Could you set down exactly the lines of the data below, starting at the one that holds "this 1445×1927 image." and ending at the one that holds "this 2040×1032 image.", both included, and only those?

Extracted records:
[Start of section]

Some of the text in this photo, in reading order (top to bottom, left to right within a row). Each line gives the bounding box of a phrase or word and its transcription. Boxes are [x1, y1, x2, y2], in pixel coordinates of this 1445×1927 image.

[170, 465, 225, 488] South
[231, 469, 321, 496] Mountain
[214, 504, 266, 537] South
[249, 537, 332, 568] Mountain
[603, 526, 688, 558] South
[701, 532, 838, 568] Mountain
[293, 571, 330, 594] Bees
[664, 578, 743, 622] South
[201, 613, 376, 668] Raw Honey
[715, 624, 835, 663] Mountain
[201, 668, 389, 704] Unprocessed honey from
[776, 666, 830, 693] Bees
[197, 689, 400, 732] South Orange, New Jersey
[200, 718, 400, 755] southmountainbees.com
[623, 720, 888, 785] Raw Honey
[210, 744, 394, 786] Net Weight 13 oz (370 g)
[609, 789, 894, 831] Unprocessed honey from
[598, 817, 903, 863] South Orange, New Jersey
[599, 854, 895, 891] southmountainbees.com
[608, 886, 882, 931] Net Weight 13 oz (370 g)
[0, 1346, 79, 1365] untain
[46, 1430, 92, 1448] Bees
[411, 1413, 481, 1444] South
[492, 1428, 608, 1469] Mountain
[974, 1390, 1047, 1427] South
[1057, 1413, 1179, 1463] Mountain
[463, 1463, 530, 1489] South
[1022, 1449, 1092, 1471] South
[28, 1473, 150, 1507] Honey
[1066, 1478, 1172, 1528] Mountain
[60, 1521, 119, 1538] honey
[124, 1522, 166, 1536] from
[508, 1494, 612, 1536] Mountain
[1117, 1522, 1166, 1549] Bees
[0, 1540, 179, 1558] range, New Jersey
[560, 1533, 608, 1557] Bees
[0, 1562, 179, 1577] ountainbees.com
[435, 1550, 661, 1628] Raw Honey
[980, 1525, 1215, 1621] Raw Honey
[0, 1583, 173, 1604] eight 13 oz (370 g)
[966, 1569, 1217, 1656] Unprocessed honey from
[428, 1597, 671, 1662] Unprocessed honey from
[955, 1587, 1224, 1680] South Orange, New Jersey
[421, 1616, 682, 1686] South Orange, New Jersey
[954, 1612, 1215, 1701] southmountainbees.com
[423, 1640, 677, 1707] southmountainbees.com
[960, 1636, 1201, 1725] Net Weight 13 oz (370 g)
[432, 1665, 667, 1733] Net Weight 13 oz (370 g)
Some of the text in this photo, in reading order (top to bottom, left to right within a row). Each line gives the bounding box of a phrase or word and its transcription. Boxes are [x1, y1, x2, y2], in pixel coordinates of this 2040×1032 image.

[End of section]
[Start of section]

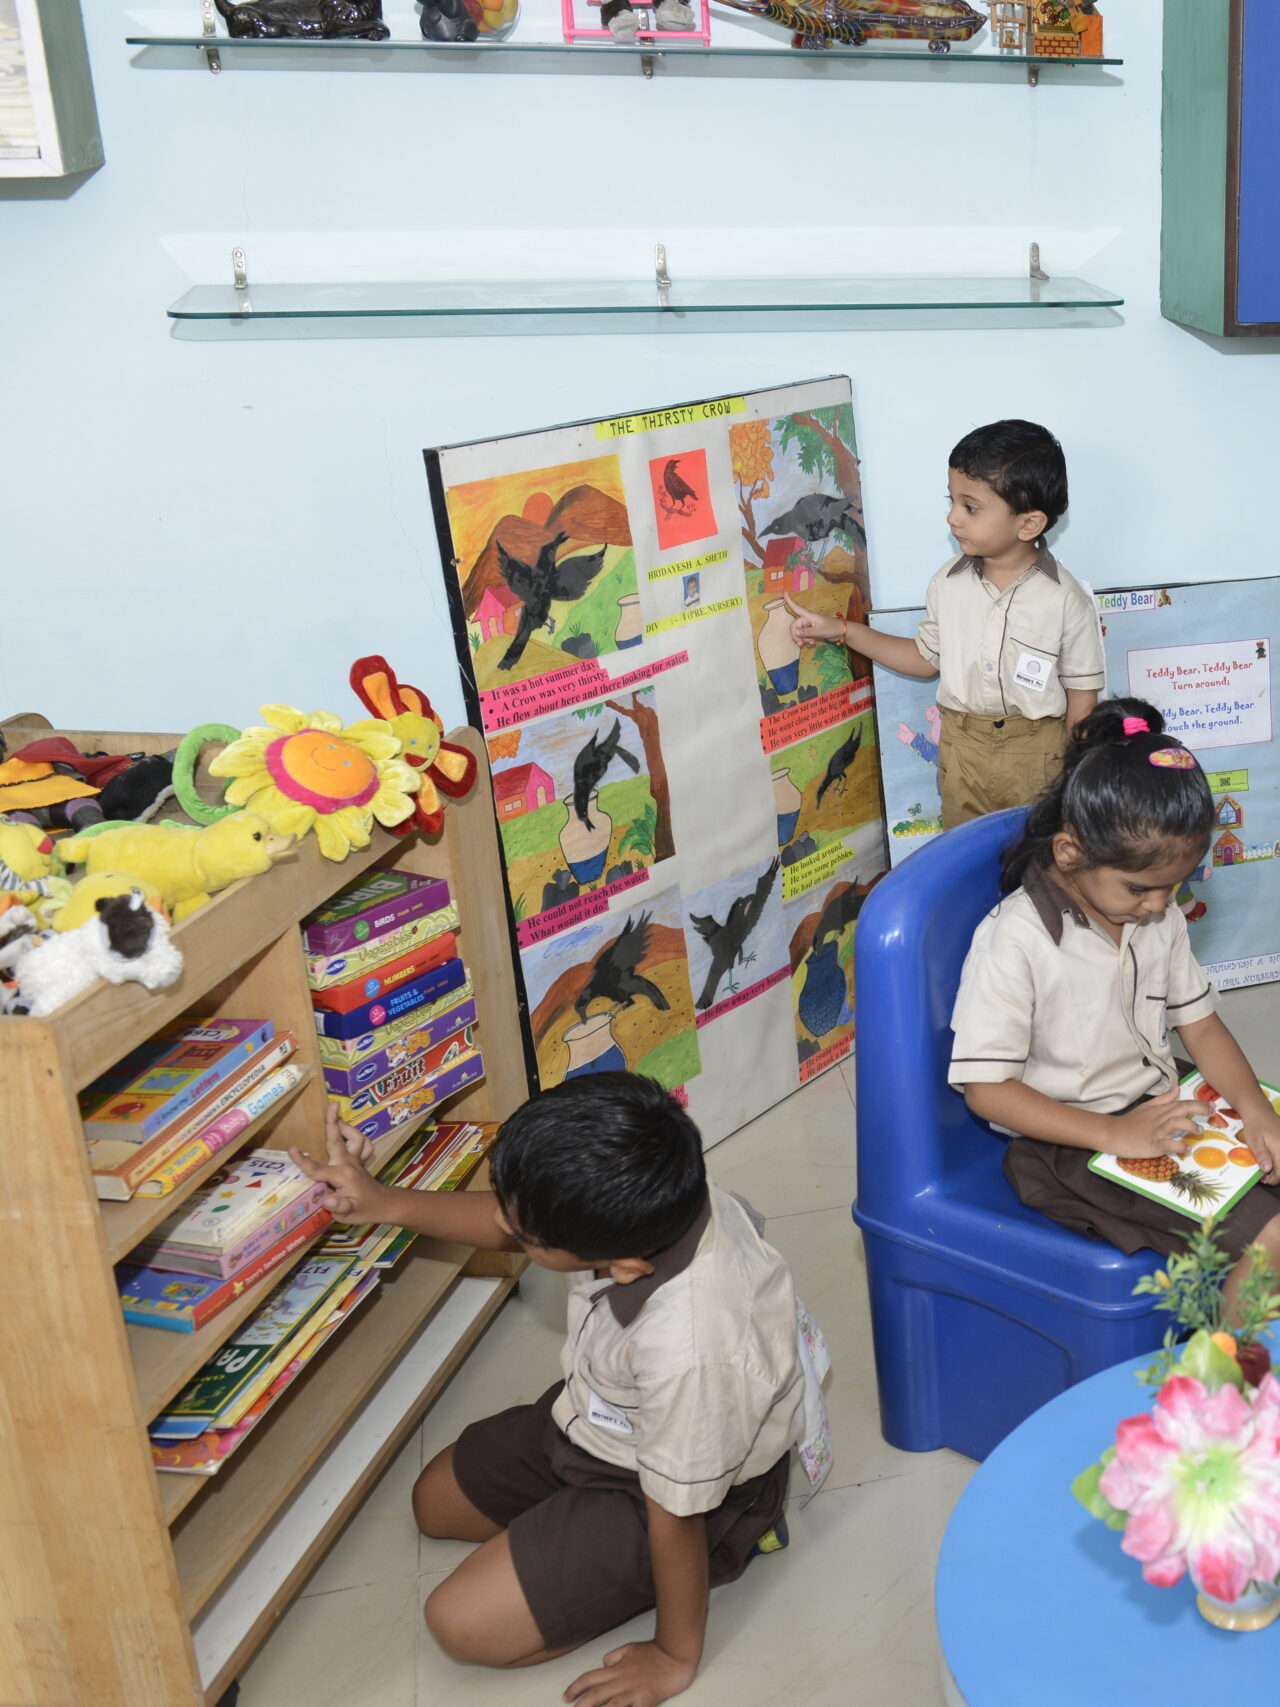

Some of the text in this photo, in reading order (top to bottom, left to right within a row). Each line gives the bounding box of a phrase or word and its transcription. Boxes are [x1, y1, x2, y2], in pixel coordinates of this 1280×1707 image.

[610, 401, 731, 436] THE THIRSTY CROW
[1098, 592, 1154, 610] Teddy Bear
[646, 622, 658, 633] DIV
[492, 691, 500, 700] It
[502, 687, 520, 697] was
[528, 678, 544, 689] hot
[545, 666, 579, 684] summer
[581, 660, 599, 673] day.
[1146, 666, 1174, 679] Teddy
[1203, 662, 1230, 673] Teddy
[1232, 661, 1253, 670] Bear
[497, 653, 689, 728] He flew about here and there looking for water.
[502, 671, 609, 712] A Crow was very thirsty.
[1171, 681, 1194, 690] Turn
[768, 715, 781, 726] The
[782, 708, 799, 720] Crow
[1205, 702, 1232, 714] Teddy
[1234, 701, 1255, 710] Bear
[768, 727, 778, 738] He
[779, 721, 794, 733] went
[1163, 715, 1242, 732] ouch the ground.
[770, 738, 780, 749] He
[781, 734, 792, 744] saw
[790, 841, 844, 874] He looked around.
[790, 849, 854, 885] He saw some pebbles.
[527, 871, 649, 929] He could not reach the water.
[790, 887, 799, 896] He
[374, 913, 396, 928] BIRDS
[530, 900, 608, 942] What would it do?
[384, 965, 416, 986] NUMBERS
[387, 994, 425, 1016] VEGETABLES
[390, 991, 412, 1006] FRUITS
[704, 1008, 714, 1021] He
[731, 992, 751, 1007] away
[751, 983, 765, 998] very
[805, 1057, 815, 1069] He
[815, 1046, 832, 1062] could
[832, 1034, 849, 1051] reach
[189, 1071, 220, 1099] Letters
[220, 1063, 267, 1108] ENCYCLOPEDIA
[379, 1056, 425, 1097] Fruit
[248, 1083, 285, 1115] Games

[End of section]
[Start of section]

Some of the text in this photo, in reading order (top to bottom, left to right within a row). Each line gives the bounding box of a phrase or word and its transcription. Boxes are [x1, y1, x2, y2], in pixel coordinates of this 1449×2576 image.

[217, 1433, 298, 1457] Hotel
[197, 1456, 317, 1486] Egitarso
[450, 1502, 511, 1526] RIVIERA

[End of section]

Task solution:
Some of the text in this photo, in reading order (top to bottom, left to right within a row). Each line gives the bounding box of a phrase or word and its transcription. Boxes are [x1, y1, x2, y2], in pixel coordinates of this 1445×1927 image.

[170, 465, 225, 488] South
[231, 469, 321, 496] Mountain
[214, 504, 266, 537] South
[249, 537, 332, 568] Mountain
[603, 526, 688, 558] South
[701, 532, 838, 568] Mountain
[293, 571, 330, 594] Bees
[664, 578, 743, 622] South
[201, 613, 376, 668] Raw Honey
[715, 624, 835, 663] Mountain
[201, 668, 389, 704] Unprocessed honey from
[776, 666, 830, 693] Bees
[197, 689, 400, 732] South Orange, New Jersey
[200, 718, 400, 755] southmountainbees.com
[623, 720, 888, 785] Raw Honey
[210, 744, 394, 786] Net Weight 13 oz (370 g)
[609, 789, 894, 831] Unprocessed honey from
[598, 817, 903, 863] South Orange, New Jersey
[599, 854, 895, 891] southmountainbees.com
[608, 886, 882, 931] Net Weight 13 oz (370 g)
[0, 1346, 79, 1365] untain
[46, 1430, 92, 1448] Bees
[411, 1413, 481, 1444] South
[492, 1428, 608, 1469] Mountain
[974, 1390, 1047, 1427] South
[1057, 1413, 1179, 1463] Mountain
[463, 1463, 530, 1489] South
[1022, 1449, 1092, 1471] South
[28, 1473, 150, 1507] Honey
[1066, 1478, 1172, 1528] Mountain
[60, 1521, 119, 1538] honey
[124, 1522, 166, 1536] from
[508, 1494, 612, 1536] Mountain
[1117, 1522, 1166, 1549] Bees
[0, 1540, 179, 1558] range, New Jersey
[560, 1533, 608, 1557] Bees
[0, 1562, 179, 1577] ountainbees.com
[435, 1550, 661, 1628] Raw Honey
[980, 1525, 1215, 1621] Raw Honey
[0, 1583, 173, 1604] eight 13 oz (370 g)
[966, 1569, 1217, 1656] Unprocessed honey from
[428, 1597, 671, 1662] Unprocessed honey from
[955, 1587, 1224, 1680] South Orange, New Jersey
[421, 1616, 682, 1686] South Orange, New Jersey
[954, 1612, 1215, 1701] southmountainbees.com
[423, 1640, 677, 1707] southmountainbees.com
[960, 1636, 1201, 1725] Net Weight 13 oz (370 g)
[432, 1665, 667, 1733] Net Weight 13 oz (370 g)
Some of the text in this photo, in reading order (top to bottom, left to right within a row). Each line gives the bounding box of a phrase or word and its transcription. Boxes are [x1, y1, x2, y2], in pixel coordinates of this 2040×1032 image.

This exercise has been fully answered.